Hanifa melayangkan senyum pada teman kelasnya. Mereka membersihkan kelas dengan penuh semangat pagi itu.
Usai membersihkan kelas dan cuci tangan, Hanifa menuju kantin sekolah. Masih menyisakan 15 menit lagi sebelum bel sekolah berbunyi.
Hanifa menuju kedai Mbah Goprak bersama Sri, teman piket kelasnya. Mbah Goprak adalah seorang nenek tua yang sangat cerewet namun baik hati. Mbah Goprak menjual lontong dengan sayur nangkanya yang sangat lezat. Apalagi jika disantap dengan bakwan goreng dan segelas bubur kacang hijau.
Sebenarnya kedai yang digunakan Mbah Goprak untuk jualan bukanlah kedai miliknya. Melainkan sebuah gardu pos kamling RT yang dibuat dari papan. Setiap pagi, Mbah Goprak memanfaatkan gardu itu untuk menggelar dagangan lontong sayur.
Ya, itulah sarapan Hanifa setiap pagi. Emak memang tidak menyiapkan sarapan pagi khusus di rumah. jadi Hanifa memutuskan untuk sarapan di sekolah setiap pagi.
Maka dengan uang saku pemberian emak itulah, pada setiap pagi ia bisa menikmati sepiring kecil lontong sayur, lengkap dengan sepotong bakwan dan bubur kacang hijau.
Terisilah perutnya yang keroncongan sejak pagi. Lontong racikan Mbah Goprak memang sangat lezat.
Tak lama kemudian terdengar suara lonceng berbunyi 3 kali.
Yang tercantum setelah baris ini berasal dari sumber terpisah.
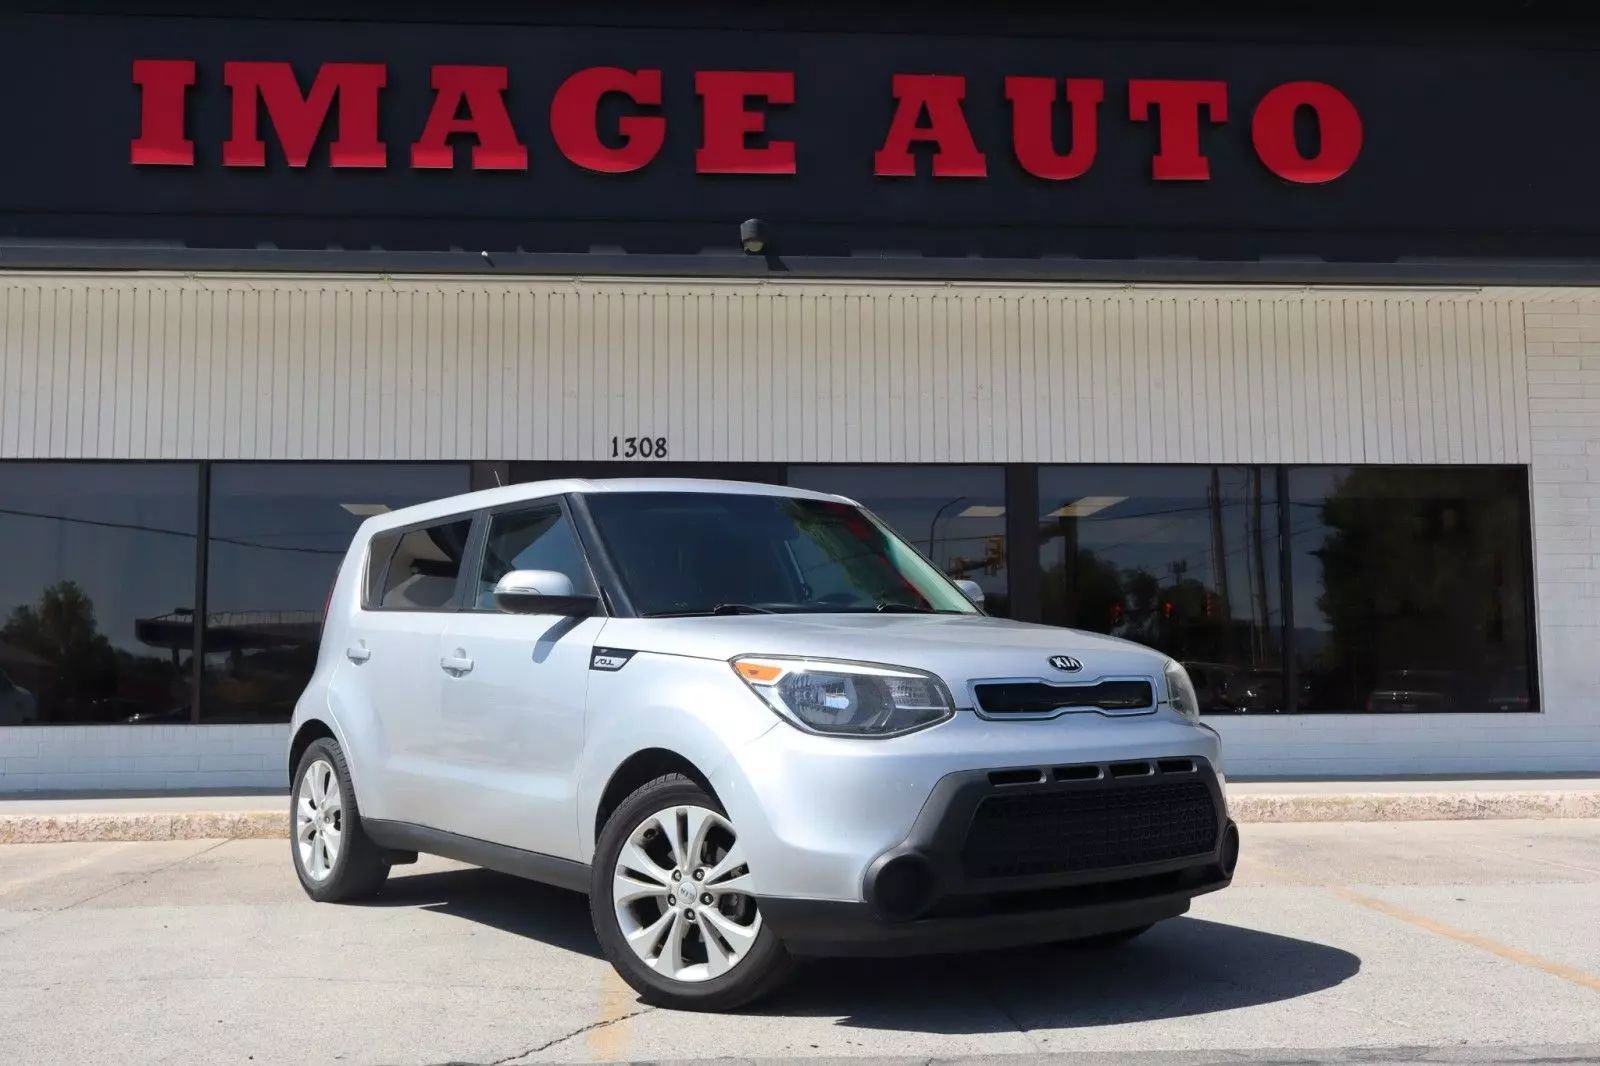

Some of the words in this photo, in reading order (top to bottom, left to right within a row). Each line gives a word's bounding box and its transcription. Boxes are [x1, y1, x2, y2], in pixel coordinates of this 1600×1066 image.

[130, 58, 797, 174] IMAGE
[874, 74, 1363, 184] AUTO
[611, 436, 667, 458] 1308
[1052, 656, 1080, 668] KIA
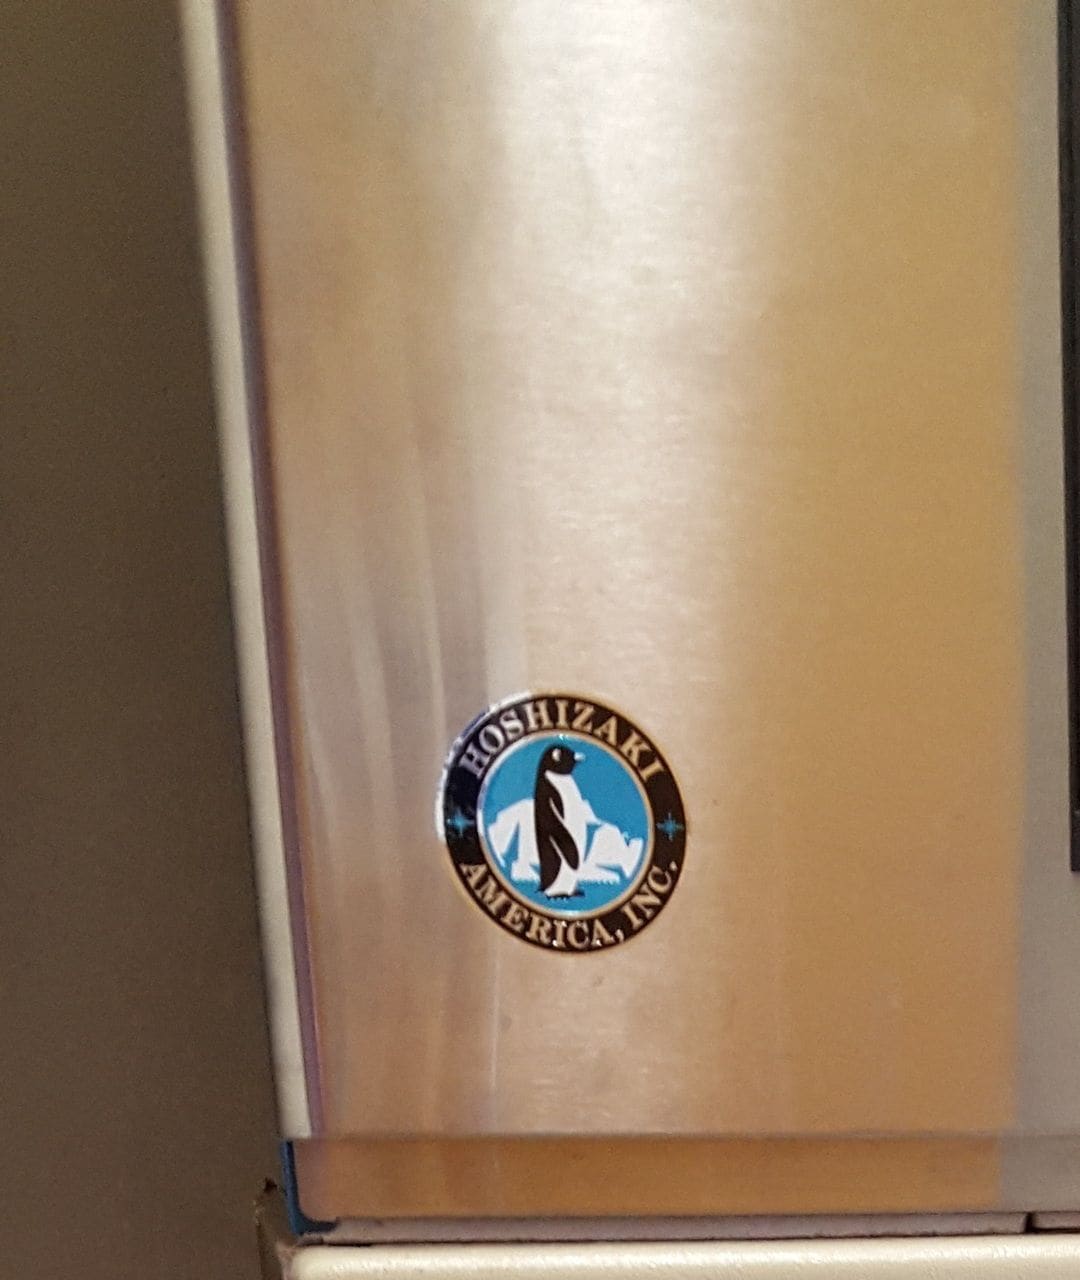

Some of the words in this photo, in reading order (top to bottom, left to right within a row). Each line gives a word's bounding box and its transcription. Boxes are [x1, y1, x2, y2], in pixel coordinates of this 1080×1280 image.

Bergegas pulalah ia dan Sri menuju kelas setelah membayar dengan beberapa lembar ratusan.
Hanifa menuju ruang kelas. Bersiap menyambut pelajaran pertama di hari Selasa, yaitu pelajaran Bahasa Indonesia favoritnya.
***
Hanifa menyerahkan buku yang disampulnya dengan plastic sisa bungkus sabun kompas. Dengan gembira ia serahkan pada Bapak Zein. Bapak Zein membaca tugasnya dengan seksama. “Bagus tulisan kamu Hanifa,” puji suara Bapak Zein. Lalu meminta Hanifa membacakannya di kelas.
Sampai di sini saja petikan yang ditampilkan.